──────── DATASET EXCERPTS ────────

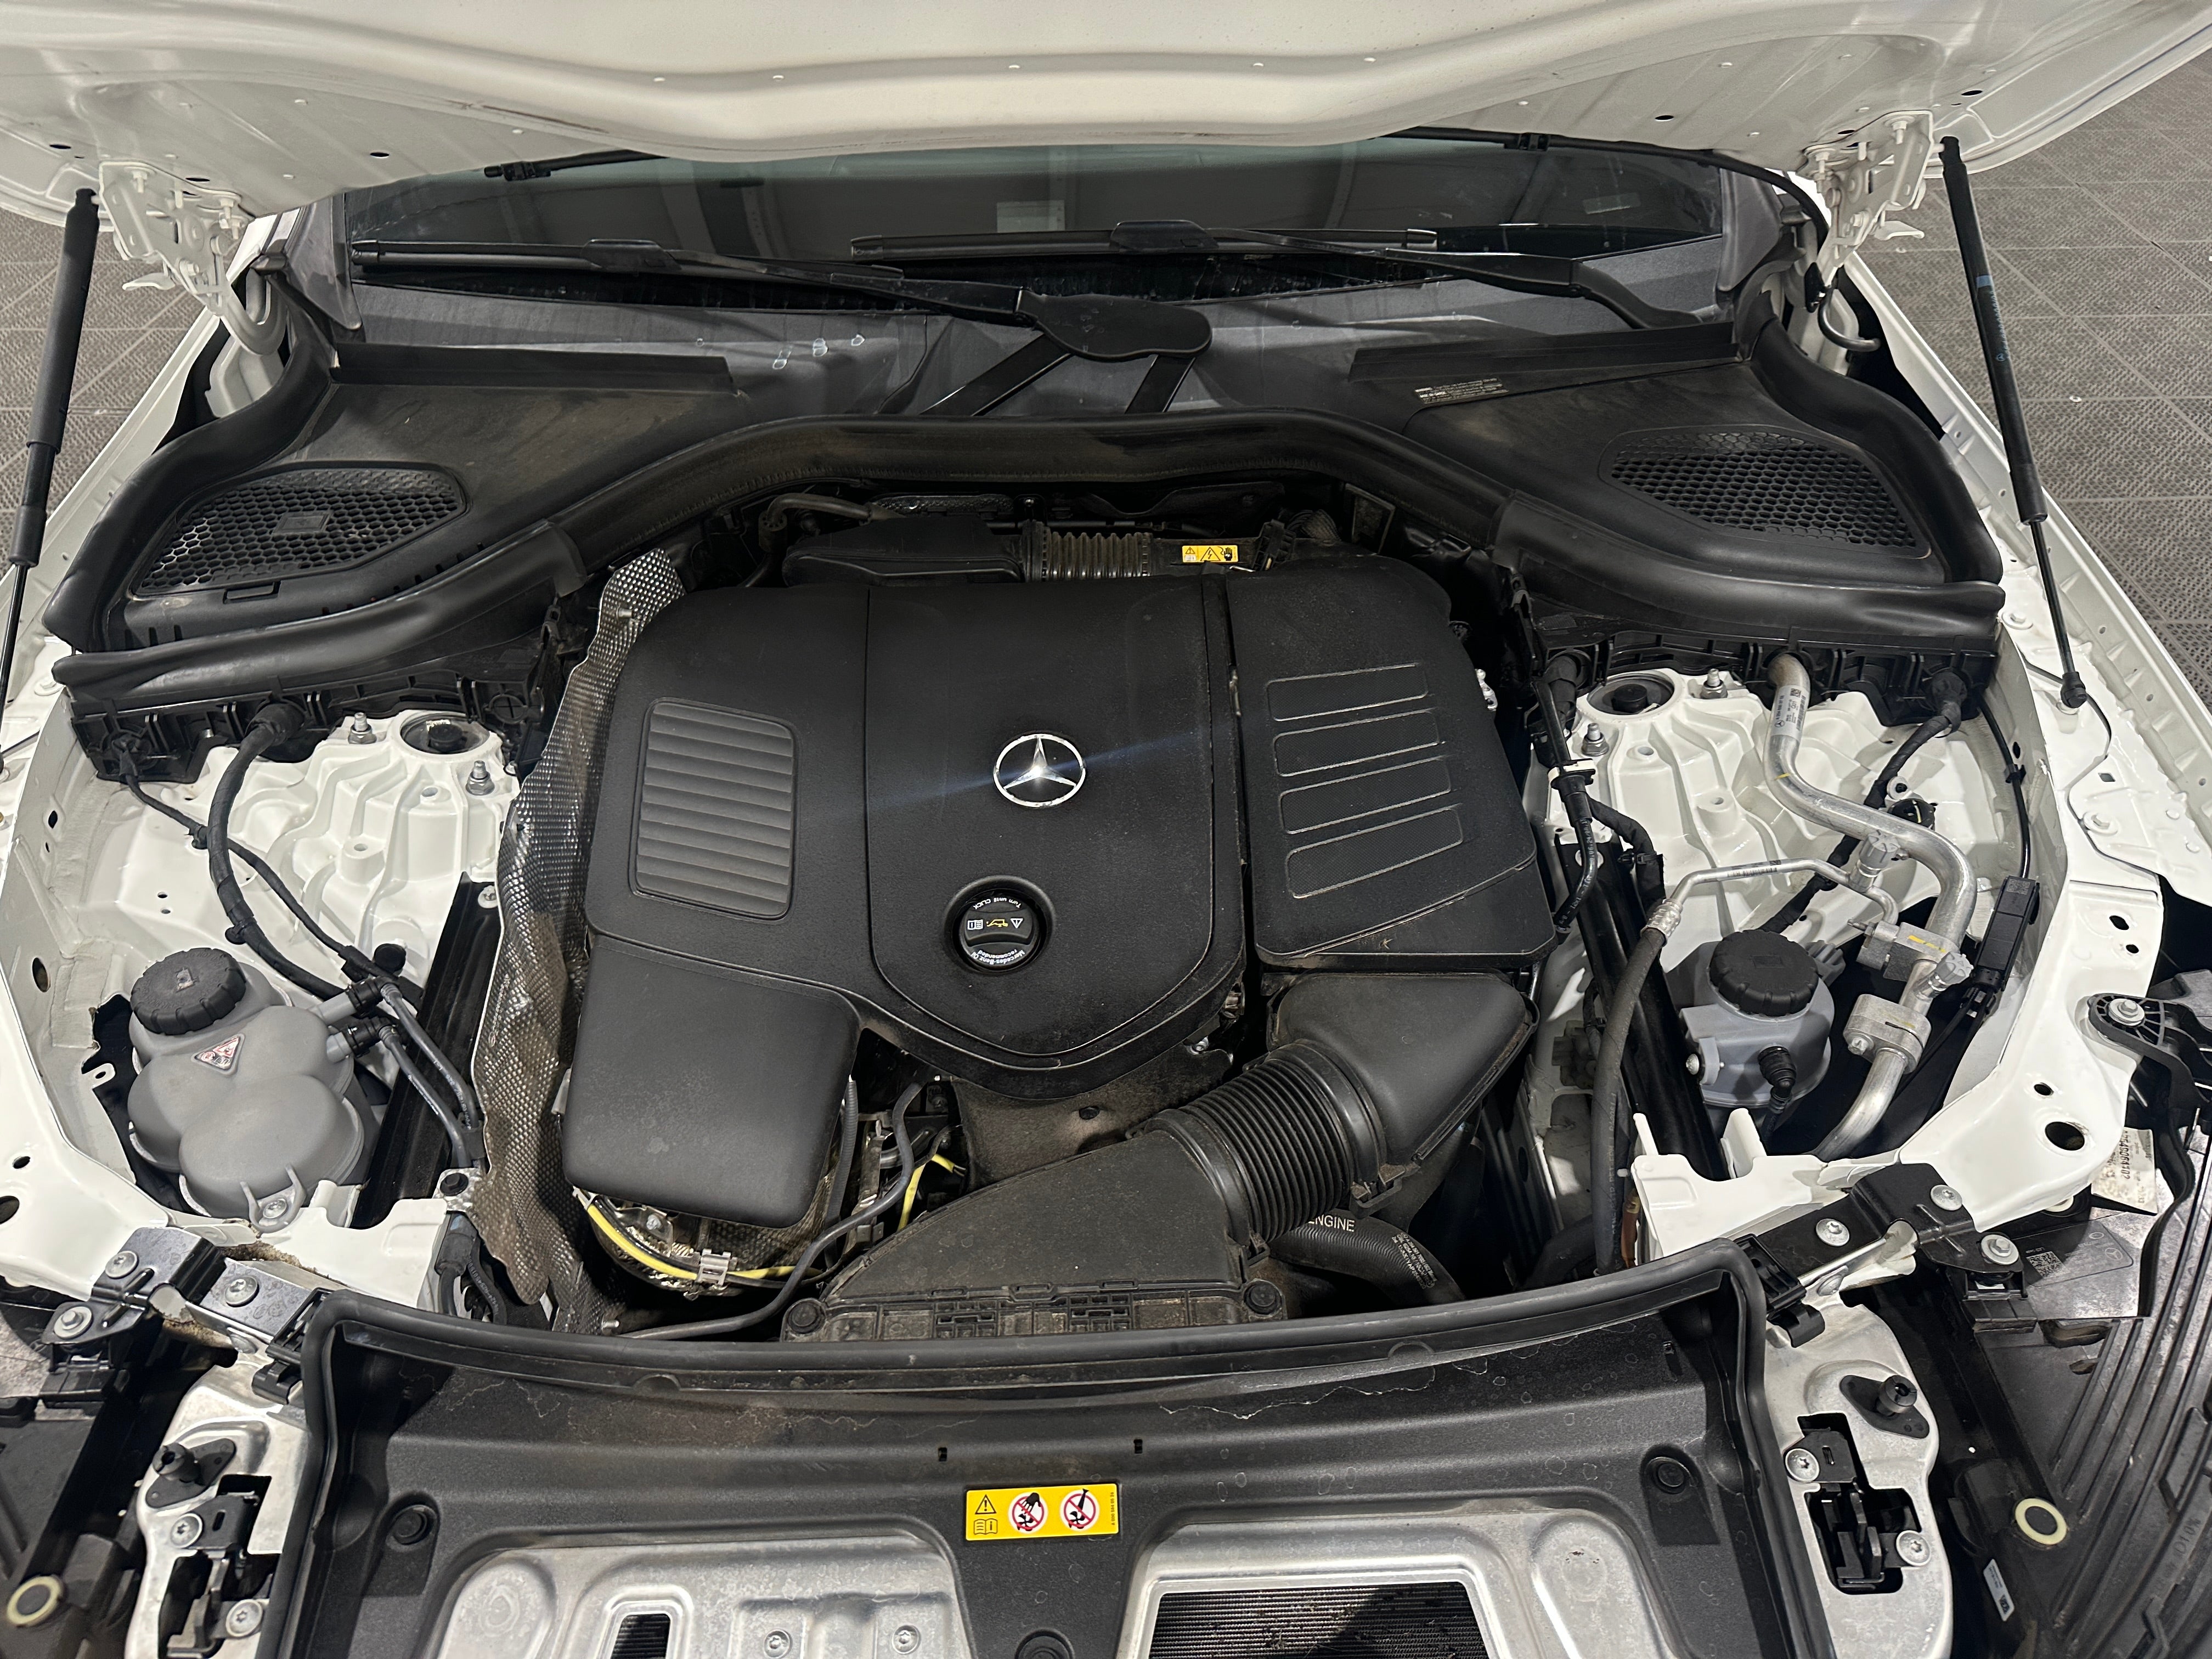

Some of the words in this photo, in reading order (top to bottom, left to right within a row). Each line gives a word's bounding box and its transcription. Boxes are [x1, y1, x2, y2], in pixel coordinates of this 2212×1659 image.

[973, 899, 991, 910] CLICK
[1008, 899, 1022, 909] Turn
[970, 951, 980, 960] Oil
[977, 949, 1018, 959] recommended
[980, 950, 1026, 965] Mercedes-Benz
[1308, 1214, 1356, 1232] NGINE
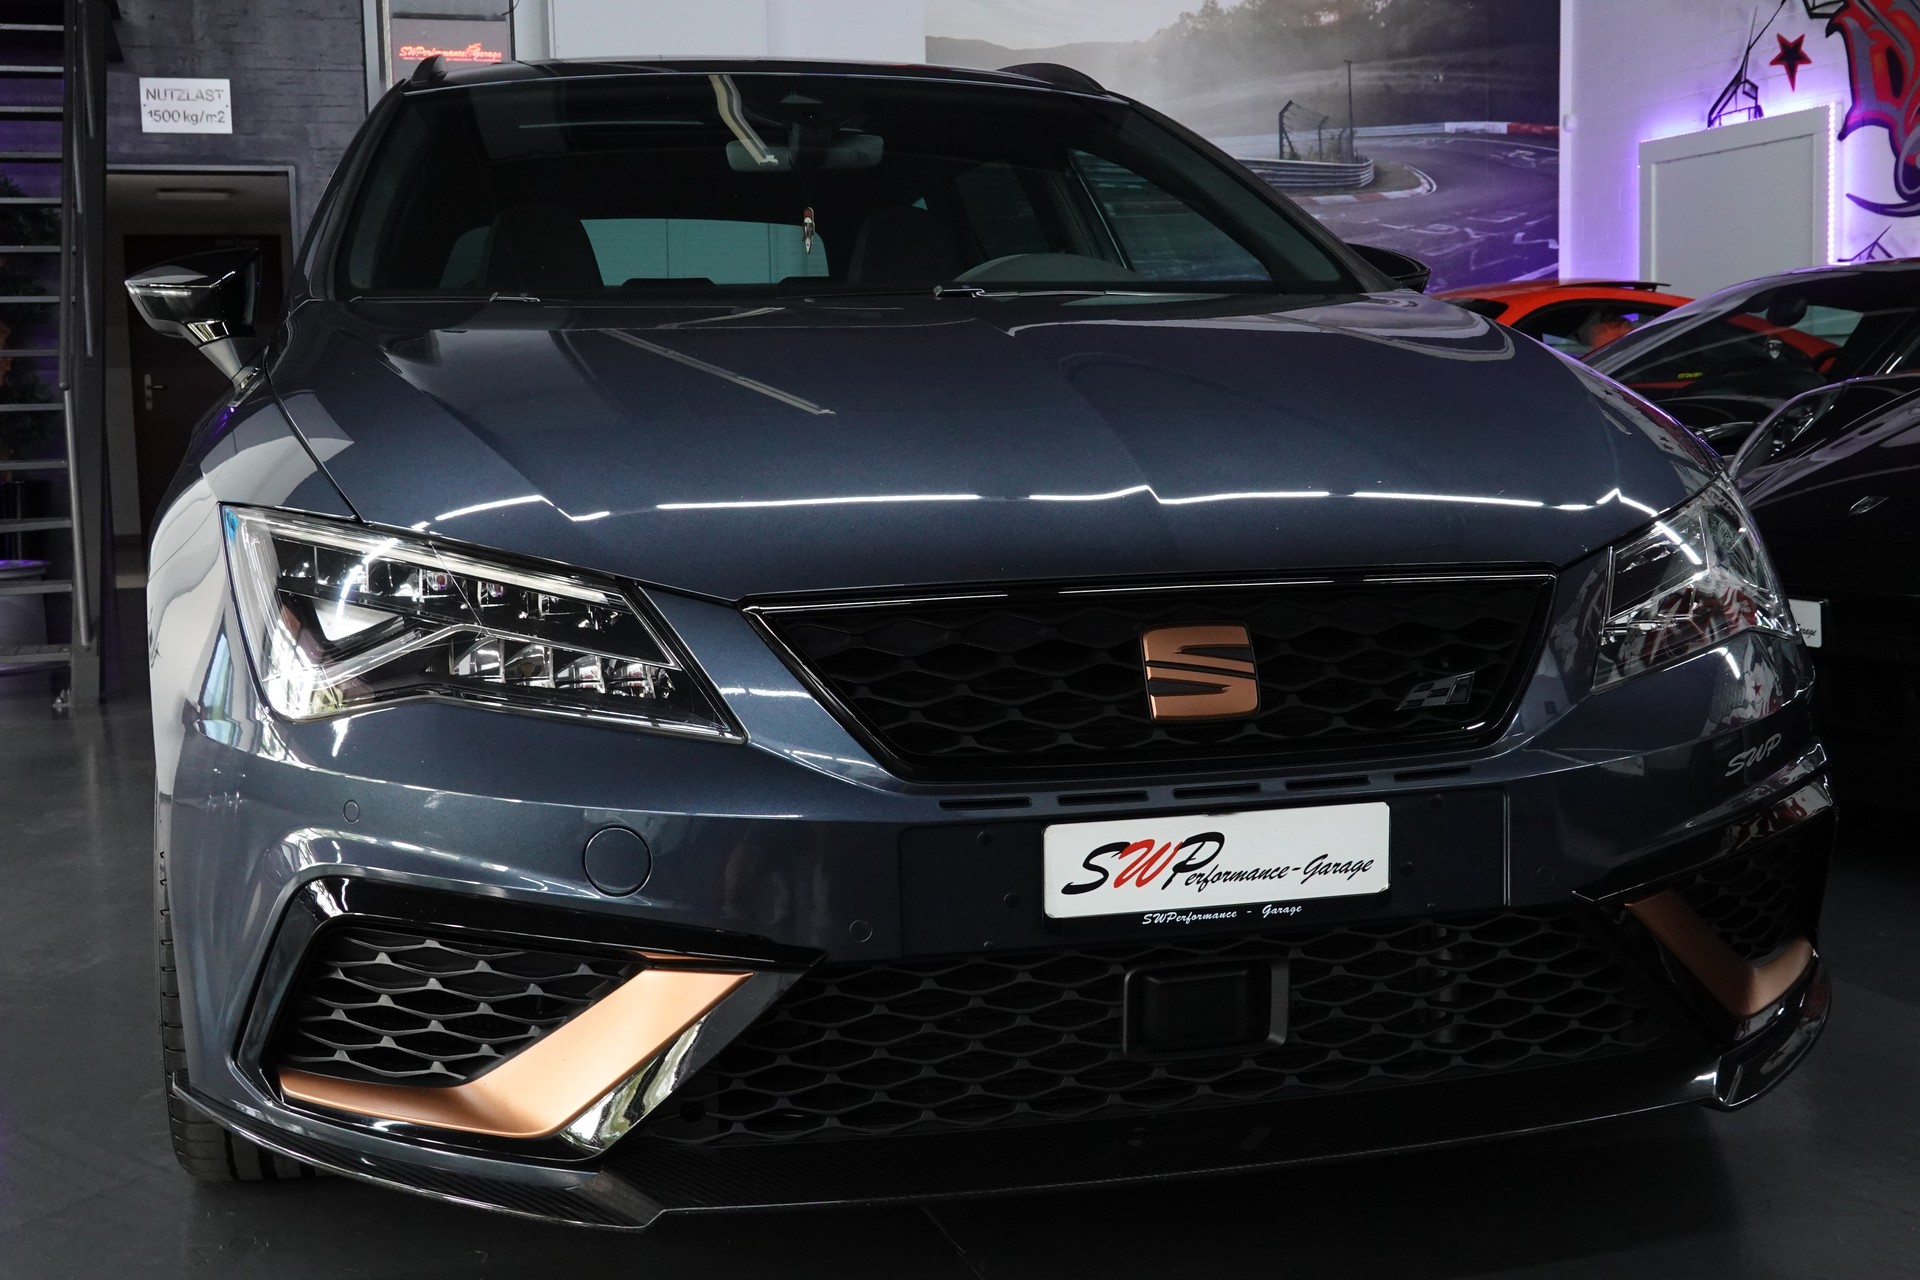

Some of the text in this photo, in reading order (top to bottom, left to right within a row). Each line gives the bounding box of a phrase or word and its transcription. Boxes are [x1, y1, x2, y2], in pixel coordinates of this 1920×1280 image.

[145, 88, 224, 102] NUTZLAST
[147, 109, 226, 125] 1500 kg/m2
[1142, 911, 1238, 925] SWPerformance
[1261, 904, 1303, 919] Garage

────────

§ TASK OBJECTIVE: This exercise calls for the lines from the one holding "Some of the text" through the end of the entries, transcribed exactly and with nothing more.

§ TASK OUTPUT:
Some of the text in this photo, in reading order (top to bottom, left to right within a row). Each line gives the bounding box of a phrase or word and its transcription. Boxes are [x1, y1, x2, y2], in pixel coordinates of this 1920×1280 image.

[145, 88, 224, 102] NUTZLAST
[147, 109, 226, 125] 1500 kg/m2
[1142, 911, 1238, 925] SWPerformance
[1261, 904, 1303, 919] Garage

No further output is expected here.